Euthanasia date: 2008-08-10 Reason for euthanasia: Space *​ email Sophie to a Friend | Printer Friendly​  







*Sophie*

*Breed:* Golden Retriever (mix breed)
*Age:* Under 6 months
*Gender:* Female 
*Size:* Medium


*Shelter: * Greene County Animal Shelter 
1985 Hwy 903 North 
Snow Hill, NC
*Shelter dog ID: *Sophie
*Contact tel: * 252-939-6334 
*Contact name: * Jeanie Taylor 
*Contact email: *[email protected]

*About Sophie *Sophie is an absolute dollbaby. She is beautiful & sweet to match. Check her out soon.


A girl on another forum I am active on can pull her but she needs a commitment from a rescue to sponsor her, she will even foster this pup. Does anyone have ANY contacts in the state or neighboring state that can help her? 

If you can help please email the girl who can pull her at [email protected]


----------



## AmyinAr (Feb 26, 2008)

hmm you can't read the top - it says she has 5 days left


----------



## Penny & Maggie's Mom (Oct 4, 2007)

What a sweetheart. I sure hope a rescue can get her.... she certainly deserves a golden life !!!


----------



## Debles (Sep 6, 2007)

Why would they put an obviously gorgeous golden puppy they could have adopted to sleep?!!!!
I hope the rescues down there come through for this little baby. She is adorable.


----------



## AmyinAr (Feb 26, 2008)

Debbles, I get the impression this is a VERY rural shelter, they may not get very many adoptions at all ... 
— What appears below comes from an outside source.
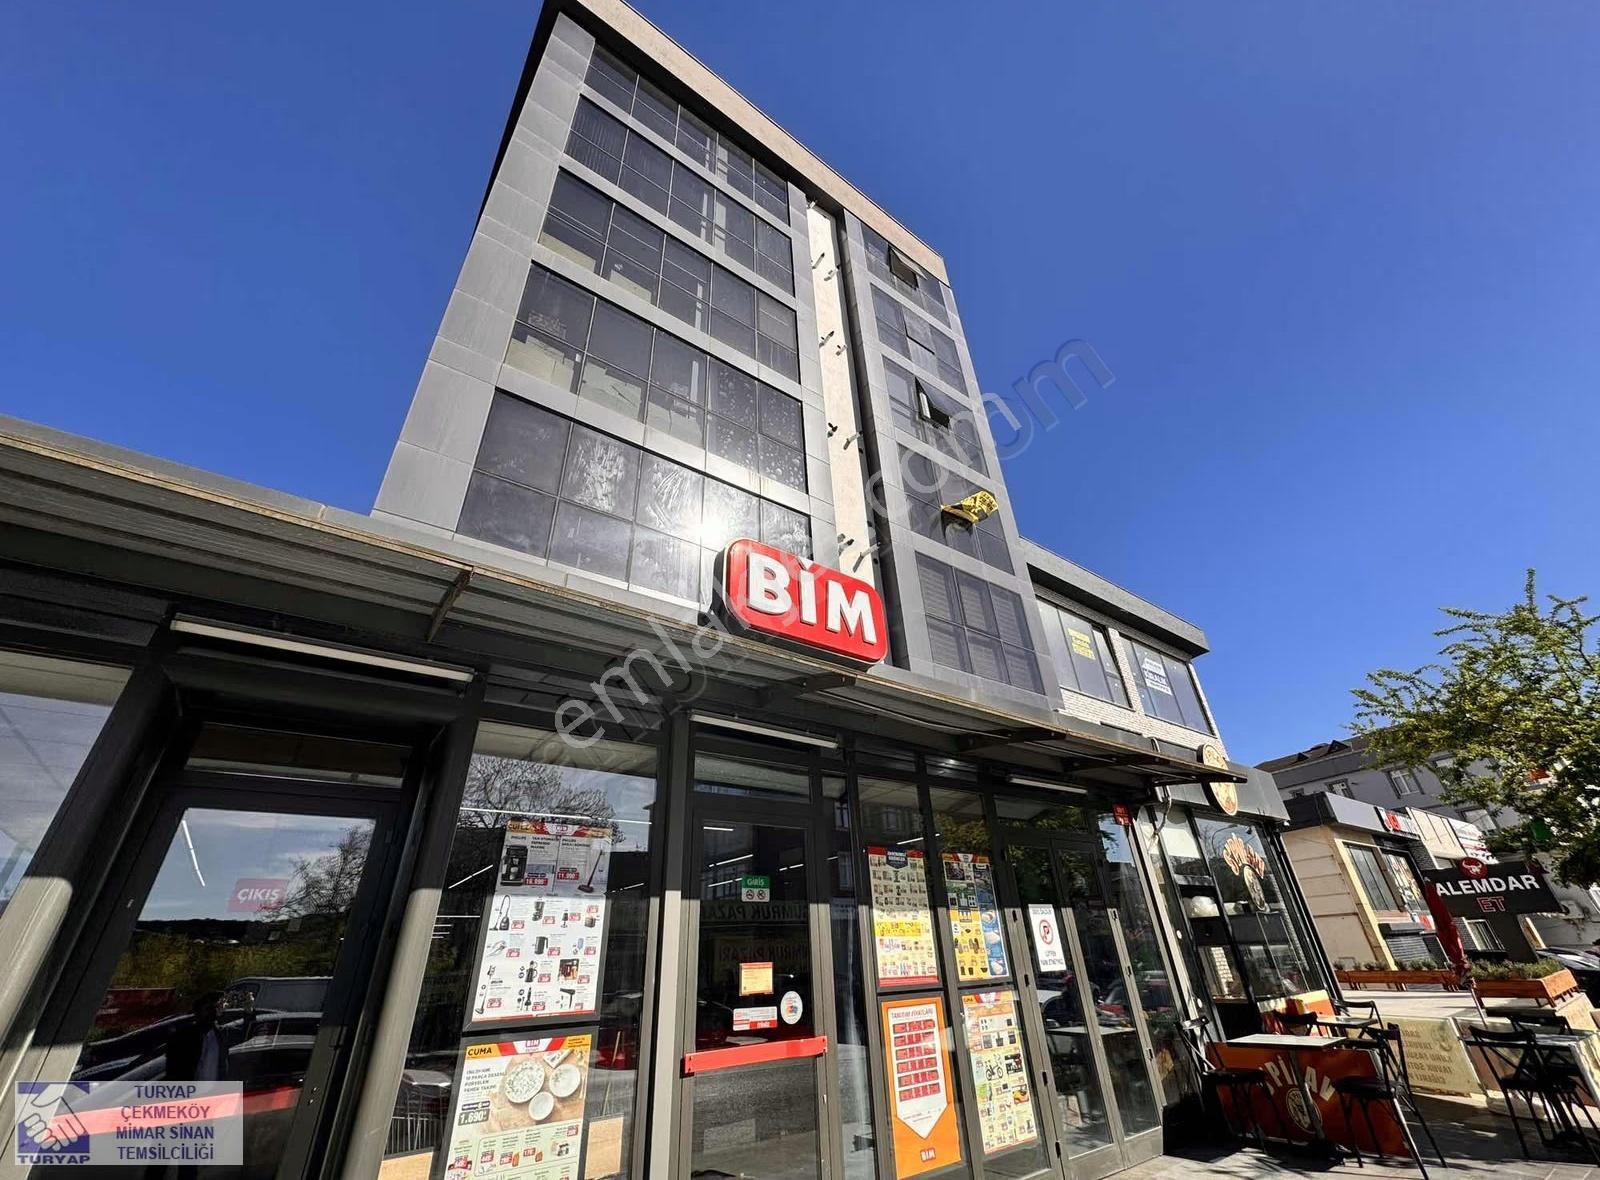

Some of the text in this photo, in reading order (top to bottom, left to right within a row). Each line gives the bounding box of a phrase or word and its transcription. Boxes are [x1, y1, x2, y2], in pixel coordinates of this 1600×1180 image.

[746, 551, 878, 645] BİM
[1436, 874, 1540, 898] ALEMDAR
[1476, 896, 1506, 912] ET
[468, 1047, 492, 1056] CUMA
There is someone ready to do the legwork for this pup, just need a rescue to give her the go ahead! =)


----------



## goldenpyr (Aug 5, 2008)

hi - i'm new here. i'm the one who can pull her if i can get a rescue to sponsor her. please let me know if anyone can help - thanks!


----------



## Team Alfie (Jun 4, 2008)

She looks perfect. There must be loads of prospective owners out there who would happily take a puppy like Sophie for $1000.


----------



## Penny & Maggie's Mom (Oct 4, 2007)

Gosh guys.... isn't someone ready for a new puppy???? This looks like a forum baby to me...... transport anyone?????


----------



## AmyinAr (Feb 26, 2008)

Penny & Maggie's Mom said:


> Gosh guys.... isn't someone ready for a new puppy???? This looks like a forum baby to me...... transport anyone?????
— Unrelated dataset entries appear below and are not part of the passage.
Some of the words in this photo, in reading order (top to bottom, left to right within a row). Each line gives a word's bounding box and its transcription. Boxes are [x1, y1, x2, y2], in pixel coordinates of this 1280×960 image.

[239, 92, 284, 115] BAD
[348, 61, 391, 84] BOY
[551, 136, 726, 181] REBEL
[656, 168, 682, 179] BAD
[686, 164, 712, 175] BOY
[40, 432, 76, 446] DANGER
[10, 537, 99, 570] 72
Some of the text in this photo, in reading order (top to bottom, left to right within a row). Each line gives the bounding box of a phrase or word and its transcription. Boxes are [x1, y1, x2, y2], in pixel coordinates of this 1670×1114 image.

Exactly! Who's looking for a pup around here!!!


----------



## goldenpyr (Aug 5, 2008)

UPDATE: she's been adopted!! sophie is safe!! thanks for everyone's help


----------



## Thor0918 (Feb 28, 2008)

Yeah! I was wondering how that couldn't happen. She's so cute.


----------



## AmyinAr (Feb 26, 2008)

looks like she was snatched up this morning as last night she was still in danger, phew! false alarm, unfortunately there's always another ...


----------



## Karen519 (Aug 21, 2006)

*Thought I was looking at an Angel!!!*

I thought I was looking at an Angel when I saw Sophie!

So HAPPY TO hear she's been adopted!!!!!:wave::wave:


----------